(Material for this task)

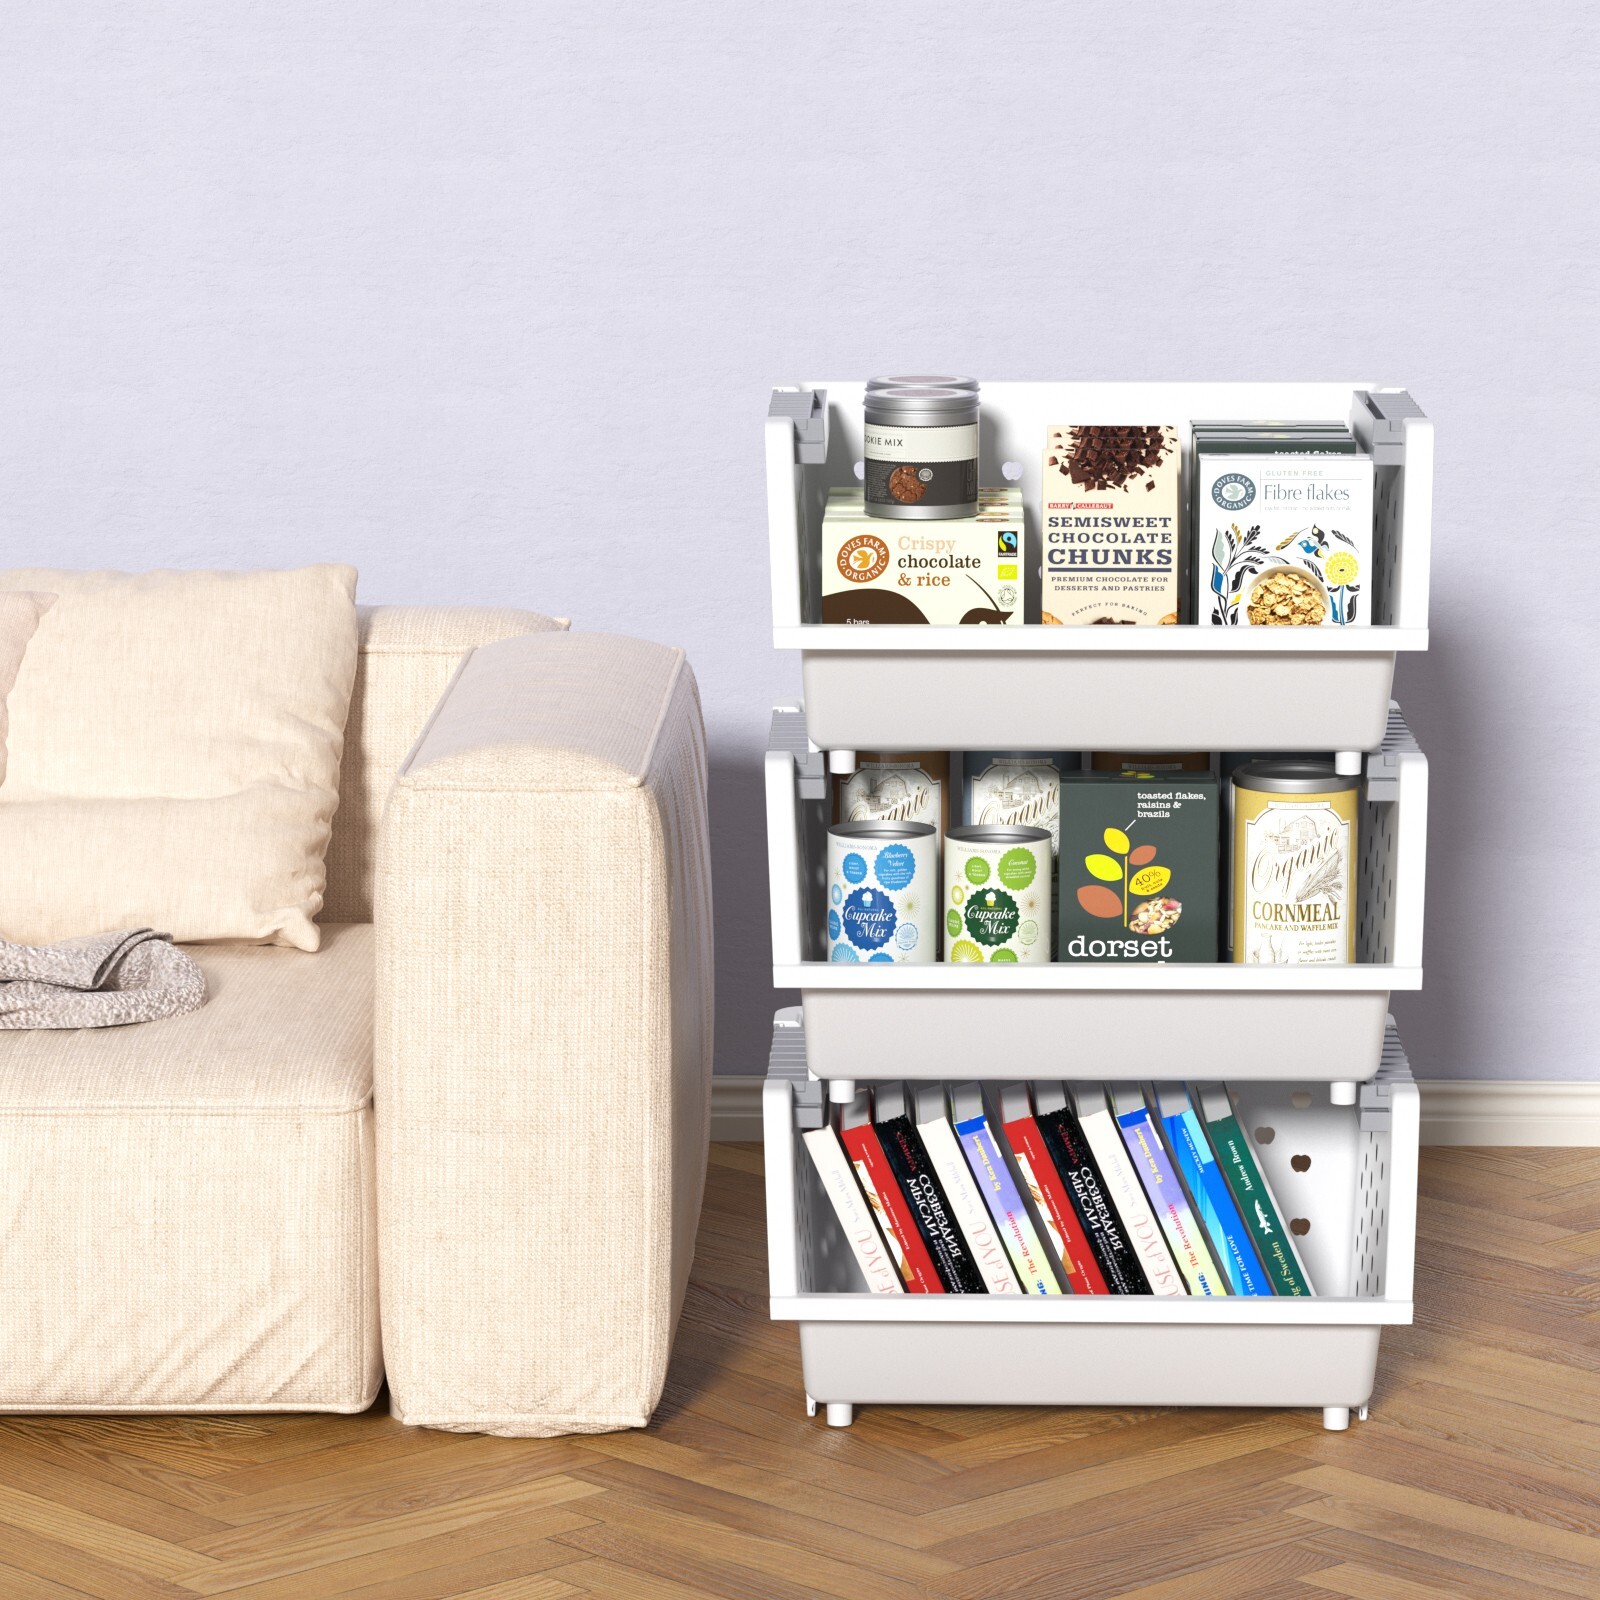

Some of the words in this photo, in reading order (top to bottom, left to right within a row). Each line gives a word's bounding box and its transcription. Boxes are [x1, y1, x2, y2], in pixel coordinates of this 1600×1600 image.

[884, 438, 903, 447] MIX
[1213, 474, 1236, 494] DOVES
[1236, 475, 1254, 494] FARM
[1264, 483, 1302, 501] Fibre
[1307, 483, 1350, 501] flakes
[1216, 495, 1253, 509] ORGANIC
[1048, 516, 1172, 528] SEMISWEET
[898, 535, 956, 555] Crispy
[1048, 532, 1172, 544] CHOCOLATE
[839, 537, 862, 567] DOVES
[863, 537, 885, 557] FARM
[898, 554, 981, 568] chocolate
[1048, 548, 1172, 565] CHUNKS
[844, 559, 886, 581] ORGANIC
[898, 573, 912, 587] &
[917, 573, 950, 587] rice
[1071, 602, 1102, 617] PERFECT
[1121, 603, 1148, 616] BAKING
[1137, 792, 1173, 800] toasted
[1175, 792, 1206, 801] flakes,
[1137, 810, 1170, 818] brazils
[1135, 869, 1161, 886] 40%
[844, 905, 893, 924] Cupcake
[967, 905, 1016, 922] Cupcake
[1252, 901, 1341, 923] CORNMEAL
[856, 922, 888, 938] Mix
[980, 920, 1011, 935] Mix
[1254, 922, 1282, 931] PANCAKE
[1284, 924, 1299, 932] AND
[1300, 923, 1326, 932] WAFFLE
[1327, 922, 1339, 930] MIX
[1067, 935, 1173, 958] dorset
[1227, 1140, 1243, 1164] Brown
[984, 1164, 997, 1181] Ken
[1146, 1157, 1158, 1173] Ken
[1235, 1163, 1254, 1192] Andrew
[906, 1178, 941, 1237] МЫСЛИ
[1068, 1170, 1103, 1230] МЫСЛИ
[1080, 1166, 1124, 1251] СОЗВЕЗДИЯ
[918, 1174, 962, 1258] СОЗВЕЗДИЯ
[1005, 1210, 1030, 1257] Revolution
[1130, 1212, 1160, 1251] YOU
[1167, 1203, 1192, 1250] Revolution
[856, 1229, 883, 1267] YOU
[969, 1221, 998, 1259] YOU
[1227, 1234, 1239, 1255] LOVE
[1024, 1257, 1038, 1275] The
[1185, 1249, 1199, 1268] The
[1235, 1255, 1247, 1271] FOR
[1271, 1241, 1291, 1276] Sweden
[1243, 1272, 1255, 1292] TIME
[1283, 1276, 1295, 1286] of
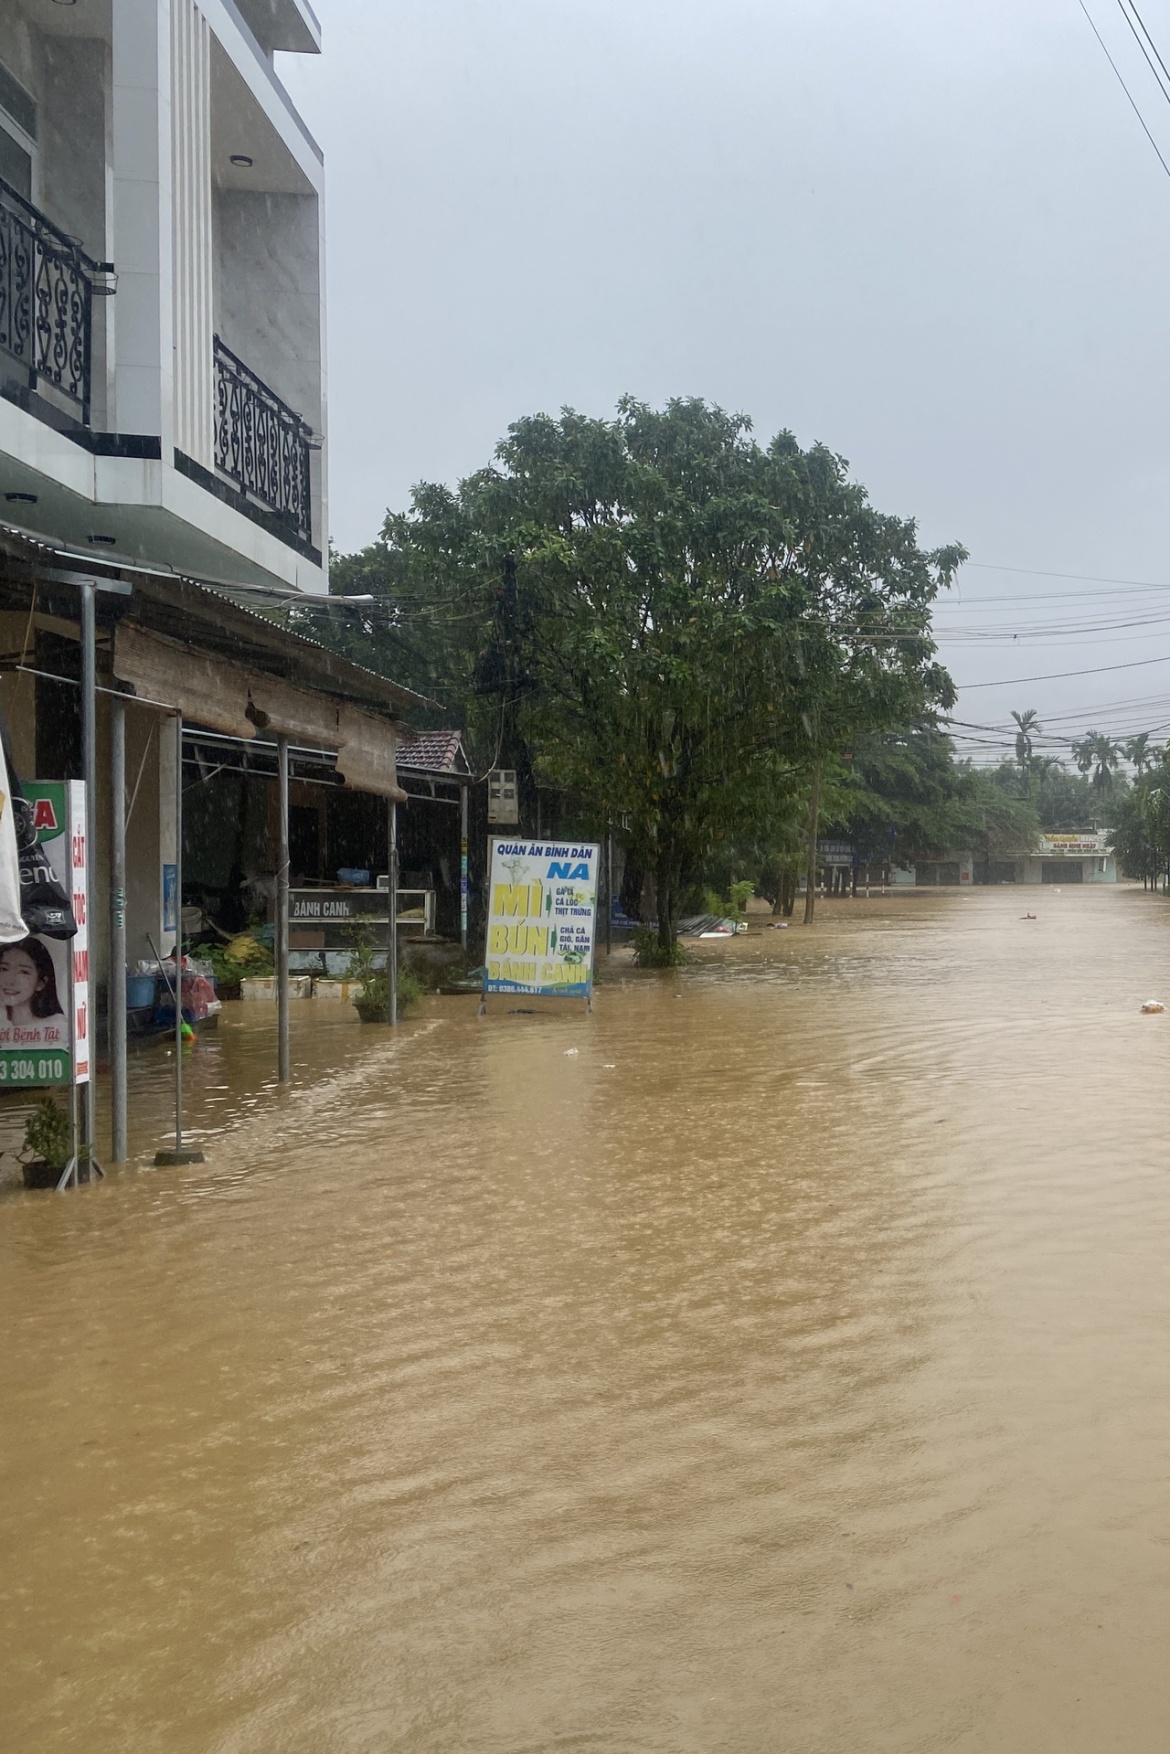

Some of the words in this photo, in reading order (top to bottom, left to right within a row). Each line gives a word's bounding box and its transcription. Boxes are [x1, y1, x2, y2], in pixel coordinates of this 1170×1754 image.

[497, 843, 526, 856] QUÁN
[528, 843, 543, 857] ĂN
[570, 845, 593, 859] DÂN
[546, 861, 590, 880] NA
[293, 899, 320, 917] BÁNH
[323, 901, 350, 917] CANH
[493, 878, 544, 918] MÌ
[489, 919, 550, 957] BÚN
[488, 958, 537, 981] BÁNH
[541, 963, 588, 983] CANH
[11, 1060, 35, 1080] 304
[38, 1059, 63, 1079] 010

(End Material for this task)

Problem requirements: Every line in the data above needs to be given again exactly, pictures aside.

Exercise output:
Some of the words in this photo, in reading order (top to bottom, left to right within a row). Each line gives a word's bounding box and its transcription. Boxes are [x1, y1, x2, y2], in pixel coordinates of this 1600×1600 image.

[884, 438, 903, 447] MIX
[1213, 474, 1236, 494] DOVES
[1236, 475, 1254, 494] FARM
[1264, 483, 1302, 501] Fibre
[1307, 483, 1350, 501] flakes
[1216, 495, 1253, 509] ORGANIC
[1048, 516, 1172, 528] SEMISWEET
[898, 535, 956, 555] Crispy
[1048, 532, 1172, 544] CHOCOLATE
[839, 537, 862, 567] DOVES
[863, 537, 885, 557] FARM
[898, 554, 981, 568] chocolate
[1048, 548, 1172, 565] CHUNKS
[844, 559, 886, 581] ORGANIC
[898, 573, 912, 587] &
[917, 573, 950, 587] rice
[1071, 602, 1102, 617] PERFECT
[1121, 603, 1148, 616] BAKING
[1137, 792, 1173, 800] toasted
[1175, 792, 1206, 801] flakes,
[1137, 810, 1170, 818] brazils
[1135, 869, 1161, 886] 40%
[844, 905, 893, 924] Cupcake
[967, 905, 1016, 922] Cupcake
[1252, 901, 1341, 923] CORNMEAL
[856, 922, 888, 938] Mix
[980, 920, 1011, 935] Mix
[1254, 922, 1282, 931] PANCAKE
[1284, 924, 1299, 932] AND
[1300, 923, 1326, 932] WAFFLE
[1327, 922, 1339, 930] MIX
[1067, 935, 1173, 958] dorset
[1227, 1140, 1243, 1164] Brown
[984, 1164, 997, 1181] Ken
[1146, 1157, 1158, 1173] Ken
[1235, 1163, 1254, 1192] Andrew
[906, 1178, 941, 1237] МЫСЛИ
[1068, 1170, 1103, 1230] МЫСЛИ
[1080, 1166, 1124, 1251] СОЗВЕЗДИЯ
[918, 1174, 962, 1258] СОЗВЕЗДИЯ
[1005, 1210, 1030, 1257] Revolution
[1130, 1212, 1160, 1251] YOU
[1167, 1203, 1192, 1250] Revolution
[856, 1229, 883, 1267] YOU
[969, 1221, 998, 1259] YOU
[1227, 1234, 1239, 1255] LOVE
[1024, 1257, 1038, 1275] The
[1185, 1249, 1199, 1268] The
[1235, 1255, 1247, 1271] FOR
[1271, 1241, 1291, 1276] Sweden
[1243, 1272, 1255, 1292] TIME
[1283, 1276, 1295, 1286] of

Some of the words in this photo, in reading order (top to bottom, left to right within a row). Each line gives a word's bounding box and its transcription. Boxes are [x1, y1, x2, y2], in pixel coordinates of this 1170×1754 image.

[497, 843, 526, 856] QUÁN
[528, 843, 543, 857] ĂN
[570, 845, 593, 859] DÂN
[546, 861, 590, 880] NA
[293, 899, 320, 917] BÁNH
[323, 901, 350, 917] CANH
[493, 878, 544, 918] MÌ
[489, 919, 550, 957] BÚN
[488, 958, 537, 981] BÁNH
[541, 963, 588, 983] CANH
[11, 1060, 35, 1080] 304
[38, 1059, 63, 1079] 010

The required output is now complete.